DATASET ENTRIES
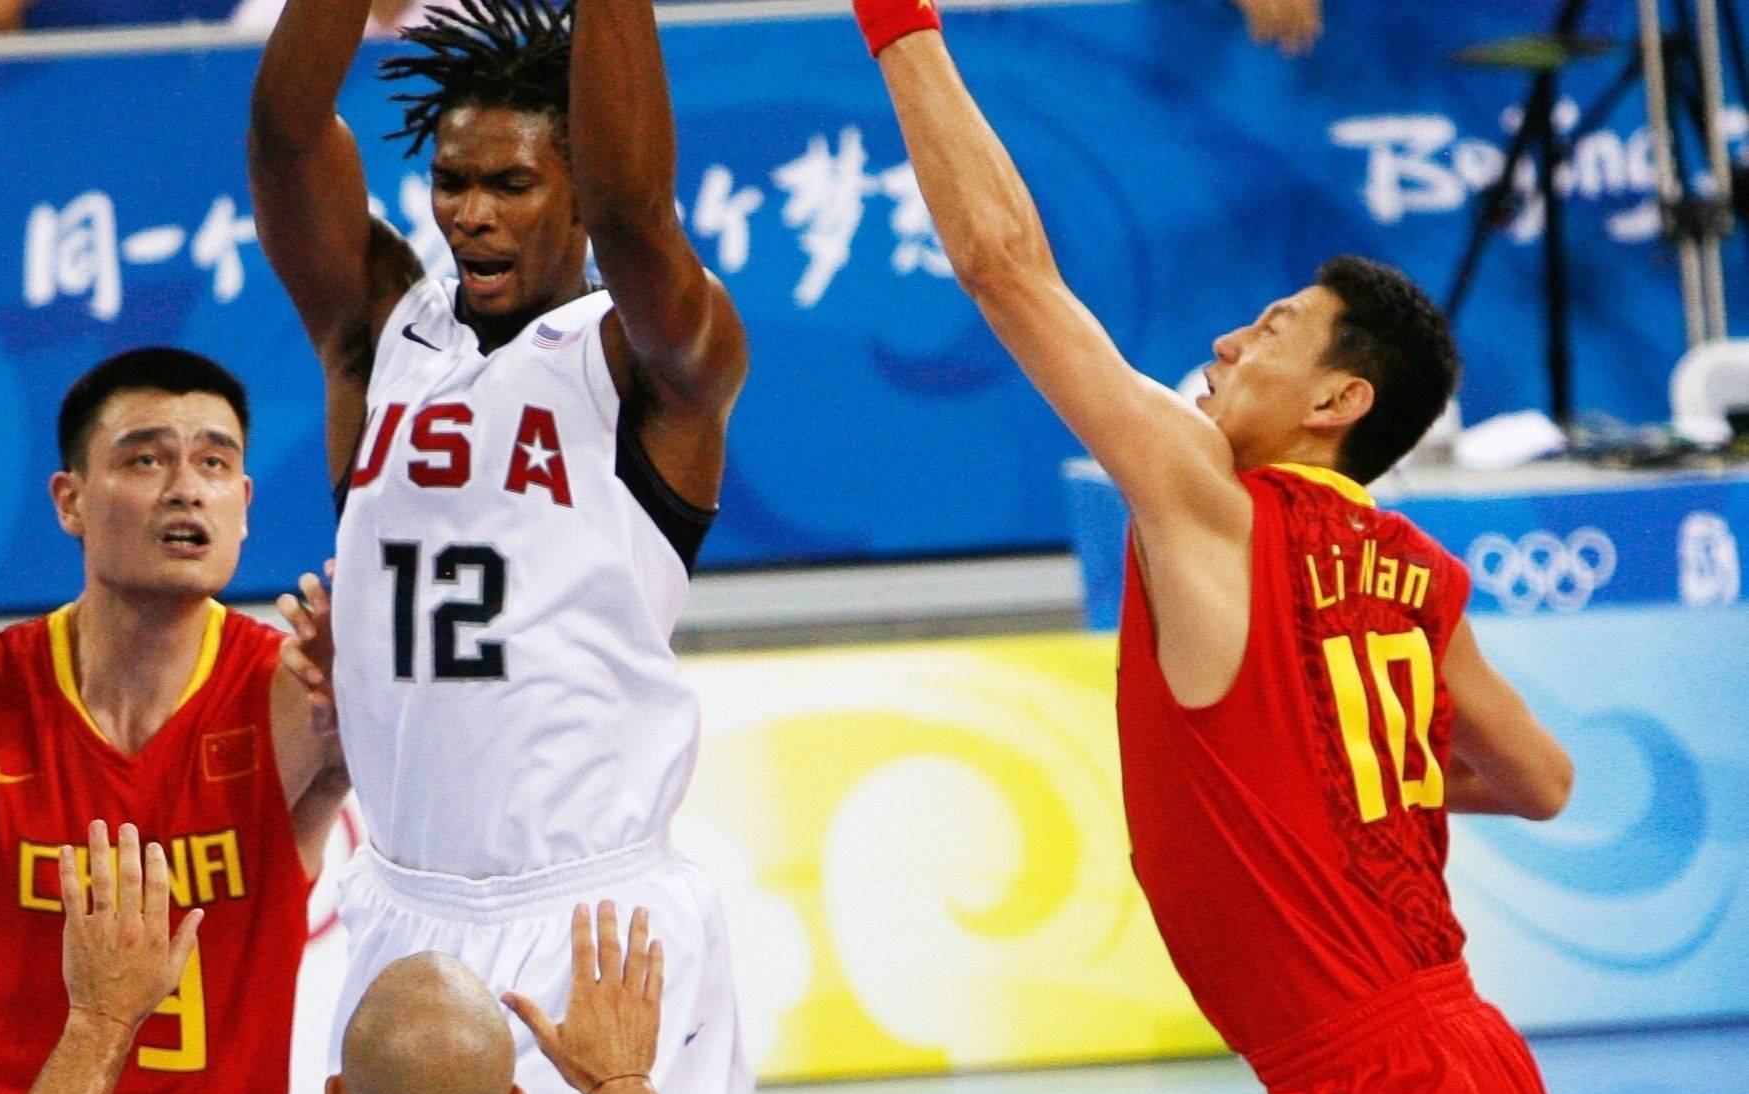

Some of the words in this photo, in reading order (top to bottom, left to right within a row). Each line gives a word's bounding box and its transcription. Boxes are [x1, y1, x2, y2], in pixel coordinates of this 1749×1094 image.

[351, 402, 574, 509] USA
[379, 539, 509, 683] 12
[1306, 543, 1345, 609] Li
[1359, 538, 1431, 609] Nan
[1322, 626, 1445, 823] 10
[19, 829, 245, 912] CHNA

TASK GOAL
All entries must come back exactly as written, though without their pictures.

REPLY TO THE EXERCISE
Some of the words in this photo, in reading order (top to bottom, left to right within a row). Each line gives a word's bounding box and its transcription. Boxes are [x1, y1, x2, y2], in pixel coordinates of this 1749×1094 image.

[351, 402, 574, 509] USA
[379, 539, 509, 683] 12
[1306, 543, 1345, 609] Li
[1359, 538, 1431, 609] Nan
[1322, 626, 1445, 823] 10
[19, 829, 245, 912] CHNA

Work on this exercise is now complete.